Hey Hidey and Ho, Shippers! How in the heck are ya on this fine, fine Prudie Day? What interesting things are going on in your neck of the woods? School? Festivals? The new TV season? There’s loads of good stuff, eh?! Plus, we continue to get letters! Three cheers for Prudie Day! And, with that in mind, let’s get right to it, shall we?
LW#1: Dear Prudie, I grew up being a short-tempered, mean, spiteful bitch. But, I’ve really worked hard on that and on being patient with others. And I’ve really gotten better! Case in point: I recently attended my brother’s wedding. The whole family was there, many of us traveling from way far away. Like, I mean, waaaay far! Which, as you know, if there’s ever an excuse to be grumpy, that’s it! So, okay, admittedly, I was a little short tempered with everyone.
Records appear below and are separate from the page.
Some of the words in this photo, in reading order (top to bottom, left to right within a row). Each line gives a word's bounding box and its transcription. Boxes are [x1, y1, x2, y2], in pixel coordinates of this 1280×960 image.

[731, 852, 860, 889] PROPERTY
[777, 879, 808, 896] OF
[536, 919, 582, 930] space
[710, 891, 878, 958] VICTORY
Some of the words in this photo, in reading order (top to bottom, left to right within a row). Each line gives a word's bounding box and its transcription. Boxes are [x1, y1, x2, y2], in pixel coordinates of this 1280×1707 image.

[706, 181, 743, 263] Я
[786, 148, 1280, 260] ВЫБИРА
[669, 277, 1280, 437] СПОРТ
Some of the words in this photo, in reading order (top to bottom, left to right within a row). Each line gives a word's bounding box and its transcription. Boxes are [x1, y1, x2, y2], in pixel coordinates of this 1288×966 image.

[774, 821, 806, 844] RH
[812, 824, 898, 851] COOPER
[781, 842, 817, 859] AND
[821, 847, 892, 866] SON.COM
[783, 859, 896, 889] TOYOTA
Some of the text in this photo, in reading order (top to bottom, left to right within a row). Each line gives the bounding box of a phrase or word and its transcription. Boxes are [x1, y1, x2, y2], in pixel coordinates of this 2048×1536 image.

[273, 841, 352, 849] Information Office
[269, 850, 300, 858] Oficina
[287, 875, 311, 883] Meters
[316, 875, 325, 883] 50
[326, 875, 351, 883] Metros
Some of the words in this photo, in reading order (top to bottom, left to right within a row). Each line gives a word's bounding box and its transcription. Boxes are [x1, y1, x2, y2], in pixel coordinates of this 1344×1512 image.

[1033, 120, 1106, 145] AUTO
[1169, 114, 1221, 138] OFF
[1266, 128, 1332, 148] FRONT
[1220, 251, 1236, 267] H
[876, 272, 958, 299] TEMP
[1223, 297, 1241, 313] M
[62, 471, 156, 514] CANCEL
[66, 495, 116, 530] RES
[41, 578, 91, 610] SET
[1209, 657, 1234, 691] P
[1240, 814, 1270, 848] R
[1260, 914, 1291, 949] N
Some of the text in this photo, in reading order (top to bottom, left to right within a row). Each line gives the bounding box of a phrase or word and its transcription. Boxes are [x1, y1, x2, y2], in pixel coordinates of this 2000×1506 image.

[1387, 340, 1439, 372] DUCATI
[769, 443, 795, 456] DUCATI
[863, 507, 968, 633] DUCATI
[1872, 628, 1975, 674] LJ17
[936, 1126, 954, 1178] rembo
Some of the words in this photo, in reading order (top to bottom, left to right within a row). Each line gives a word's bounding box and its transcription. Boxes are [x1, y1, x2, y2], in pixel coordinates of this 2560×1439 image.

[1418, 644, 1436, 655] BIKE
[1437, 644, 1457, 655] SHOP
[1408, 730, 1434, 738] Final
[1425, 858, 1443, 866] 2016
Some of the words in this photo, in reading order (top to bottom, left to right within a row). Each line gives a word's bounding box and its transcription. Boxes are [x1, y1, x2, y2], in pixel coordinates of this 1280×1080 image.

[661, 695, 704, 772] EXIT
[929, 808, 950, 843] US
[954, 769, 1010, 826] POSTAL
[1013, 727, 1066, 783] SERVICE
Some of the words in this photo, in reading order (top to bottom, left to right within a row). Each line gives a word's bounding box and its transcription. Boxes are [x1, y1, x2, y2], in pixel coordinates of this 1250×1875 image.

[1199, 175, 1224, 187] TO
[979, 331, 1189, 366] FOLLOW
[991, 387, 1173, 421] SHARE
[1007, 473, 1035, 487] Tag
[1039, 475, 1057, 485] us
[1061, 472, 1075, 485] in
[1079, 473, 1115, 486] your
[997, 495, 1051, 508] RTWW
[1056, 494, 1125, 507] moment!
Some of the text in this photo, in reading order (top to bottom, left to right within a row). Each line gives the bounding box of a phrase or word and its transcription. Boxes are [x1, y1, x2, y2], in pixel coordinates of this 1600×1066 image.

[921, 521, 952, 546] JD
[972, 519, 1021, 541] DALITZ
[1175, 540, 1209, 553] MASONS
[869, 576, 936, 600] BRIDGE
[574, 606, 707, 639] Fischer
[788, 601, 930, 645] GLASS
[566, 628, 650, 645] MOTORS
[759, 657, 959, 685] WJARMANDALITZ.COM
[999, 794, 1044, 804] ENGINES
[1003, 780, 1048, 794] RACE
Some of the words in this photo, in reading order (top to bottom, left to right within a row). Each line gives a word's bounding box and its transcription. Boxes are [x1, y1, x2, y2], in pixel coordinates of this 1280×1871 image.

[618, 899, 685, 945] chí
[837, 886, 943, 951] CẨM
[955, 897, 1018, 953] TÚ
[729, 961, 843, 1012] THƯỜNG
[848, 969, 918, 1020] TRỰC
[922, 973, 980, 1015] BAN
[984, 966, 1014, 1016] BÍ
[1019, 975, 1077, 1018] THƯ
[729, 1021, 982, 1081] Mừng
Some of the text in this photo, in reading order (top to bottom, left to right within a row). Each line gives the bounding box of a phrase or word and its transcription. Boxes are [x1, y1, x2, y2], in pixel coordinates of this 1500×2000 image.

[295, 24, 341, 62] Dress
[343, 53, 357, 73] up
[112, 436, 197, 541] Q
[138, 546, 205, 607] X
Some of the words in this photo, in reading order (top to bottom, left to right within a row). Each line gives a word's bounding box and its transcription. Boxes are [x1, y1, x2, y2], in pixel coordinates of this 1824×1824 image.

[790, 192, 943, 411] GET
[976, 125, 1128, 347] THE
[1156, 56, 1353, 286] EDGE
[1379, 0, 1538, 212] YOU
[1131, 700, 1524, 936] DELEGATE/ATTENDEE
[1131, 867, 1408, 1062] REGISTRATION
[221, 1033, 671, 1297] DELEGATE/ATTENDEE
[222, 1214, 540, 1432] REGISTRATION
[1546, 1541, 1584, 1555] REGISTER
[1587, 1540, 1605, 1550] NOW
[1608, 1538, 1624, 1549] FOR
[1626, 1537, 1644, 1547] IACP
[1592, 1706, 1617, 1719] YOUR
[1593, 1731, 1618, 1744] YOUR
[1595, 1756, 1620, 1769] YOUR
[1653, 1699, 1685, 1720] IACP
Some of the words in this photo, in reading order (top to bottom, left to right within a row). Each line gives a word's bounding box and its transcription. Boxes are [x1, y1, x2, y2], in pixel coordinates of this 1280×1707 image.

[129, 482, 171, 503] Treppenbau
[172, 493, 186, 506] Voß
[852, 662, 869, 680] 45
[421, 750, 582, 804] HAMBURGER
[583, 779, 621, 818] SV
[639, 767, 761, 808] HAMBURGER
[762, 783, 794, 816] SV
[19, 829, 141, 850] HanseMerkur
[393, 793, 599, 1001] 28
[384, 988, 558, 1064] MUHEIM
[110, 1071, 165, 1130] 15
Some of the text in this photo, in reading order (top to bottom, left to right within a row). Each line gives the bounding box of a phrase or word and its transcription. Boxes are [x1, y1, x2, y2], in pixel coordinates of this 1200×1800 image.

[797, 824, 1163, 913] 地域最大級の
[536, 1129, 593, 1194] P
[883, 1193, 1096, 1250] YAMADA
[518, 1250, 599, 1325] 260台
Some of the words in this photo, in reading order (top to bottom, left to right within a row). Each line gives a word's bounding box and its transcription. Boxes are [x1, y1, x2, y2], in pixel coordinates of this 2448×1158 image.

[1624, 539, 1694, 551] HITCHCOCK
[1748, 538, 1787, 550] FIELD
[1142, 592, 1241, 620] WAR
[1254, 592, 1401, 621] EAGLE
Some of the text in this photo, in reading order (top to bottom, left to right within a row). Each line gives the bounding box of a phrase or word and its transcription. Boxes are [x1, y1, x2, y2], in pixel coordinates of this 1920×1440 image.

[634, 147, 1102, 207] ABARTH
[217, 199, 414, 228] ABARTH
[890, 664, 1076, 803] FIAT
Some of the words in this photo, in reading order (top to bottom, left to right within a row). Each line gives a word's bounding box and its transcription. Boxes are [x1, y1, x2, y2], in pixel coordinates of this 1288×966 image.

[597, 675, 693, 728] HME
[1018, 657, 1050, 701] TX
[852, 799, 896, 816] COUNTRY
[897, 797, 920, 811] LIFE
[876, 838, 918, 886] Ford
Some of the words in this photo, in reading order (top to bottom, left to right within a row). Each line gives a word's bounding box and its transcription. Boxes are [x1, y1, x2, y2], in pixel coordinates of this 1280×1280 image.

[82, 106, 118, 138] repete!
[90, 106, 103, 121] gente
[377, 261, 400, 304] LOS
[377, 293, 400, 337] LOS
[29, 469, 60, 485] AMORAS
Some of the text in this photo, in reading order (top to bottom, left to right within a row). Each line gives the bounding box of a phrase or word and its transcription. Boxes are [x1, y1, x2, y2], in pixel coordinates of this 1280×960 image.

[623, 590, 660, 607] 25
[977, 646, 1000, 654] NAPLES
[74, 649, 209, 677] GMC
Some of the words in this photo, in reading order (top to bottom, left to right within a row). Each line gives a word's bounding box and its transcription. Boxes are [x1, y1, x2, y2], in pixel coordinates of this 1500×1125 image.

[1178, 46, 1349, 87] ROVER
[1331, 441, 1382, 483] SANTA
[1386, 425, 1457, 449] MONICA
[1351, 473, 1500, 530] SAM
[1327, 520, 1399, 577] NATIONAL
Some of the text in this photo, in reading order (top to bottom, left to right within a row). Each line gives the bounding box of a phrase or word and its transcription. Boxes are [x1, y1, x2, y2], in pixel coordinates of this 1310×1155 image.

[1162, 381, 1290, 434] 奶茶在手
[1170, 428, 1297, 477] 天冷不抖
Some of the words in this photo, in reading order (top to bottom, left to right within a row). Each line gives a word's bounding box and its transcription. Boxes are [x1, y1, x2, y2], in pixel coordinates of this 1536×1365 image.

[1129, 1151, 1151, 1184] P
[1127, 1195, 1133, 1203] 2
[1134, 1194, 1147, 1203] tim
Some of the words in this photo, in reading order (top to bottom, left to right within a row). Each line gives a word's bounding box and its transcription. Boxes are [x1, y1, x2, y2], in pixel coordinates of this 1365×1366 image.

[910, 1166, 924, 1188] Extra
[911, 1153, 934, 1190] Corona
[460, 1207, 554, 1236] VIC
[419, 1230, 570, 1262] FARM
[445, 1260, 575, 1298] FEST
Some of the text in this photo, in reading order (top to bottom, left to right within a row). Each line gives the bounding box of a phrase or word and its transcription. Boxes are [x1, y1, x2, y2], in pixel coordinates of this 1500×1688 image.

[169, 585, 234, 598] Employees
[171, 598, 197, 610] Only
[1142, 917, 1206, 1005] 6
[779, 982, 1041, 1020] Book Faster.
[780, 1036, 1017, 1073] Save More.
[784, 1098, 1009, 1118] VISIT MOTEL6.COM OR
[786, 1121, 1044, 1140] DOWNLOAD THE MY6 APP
I may have even been a little mean, but, only after the ceremony, blowing up at the family (just that once), with my sister taking the brunt of it. Well, I apologized to her. Twice, even! And that hateful thing still won’t speak to me, claiming it’s all my fault?! Now my family wants me to make nice with her! How dare they? I’m thinking of just dropping them all, the ungrateful shits. I mean, it was just that one little outburst! What do you think? Signed, I Once Was Mean, But Now I’m Not
Dear Blind Woman, Narcissa. You have a sickness. I’m not a professional treater of brain and/or psychological disorders, but I’m guessing it’s called Narcissistic Self-centered Personality Disorder with overt World Revolves Around Me tendencies. NSPD WRAM for short. Or, just “Flaming Bitch Disease” (FBD), for shorter. And, just so you know, things are going to get worse from here. Growing up, your family had to put up with you. Out of obligation. Now? As an adult? They can and will choose to dump your ass. And you may claim you want that, but, being as I guarantee that you have an awfully hard time keeping friends, that’s not something you want...you know, deep down in the black space where your heart resides. You notice how your solution to this problem was to immediately blame your family and threaten to quit them? You have a problem that needs serious treatment. In AA, they call it “stinkin’ thinkin’” and it’s noted by always blaming everyone else for one’s own behavior and for the consequences that result from said behavior. You are in the wrong here. You can’t even hide that fact in a letter meant to paint you in a less offensive light. And I barely know you! So what do you think the real reality is?! I hope you can find help because you truly need it, but, all the help in the world won’t do a thing so long as you think it’s acceptable to be mean to other people. Even once. Even when you’ve traveled all the way from The City! It’s one thing to be mean to Letter Writers via the Internet. It’s a whole other thing to do it in real life, with real people and real family members (who are real people, too, by the way). Don’t address this and you may get exactly what you claim to want: life without your family (and trust me when I tell you that you don’t have any friends that’ll stick by you through more than your family already has, so, you may want to consider that in your calculations).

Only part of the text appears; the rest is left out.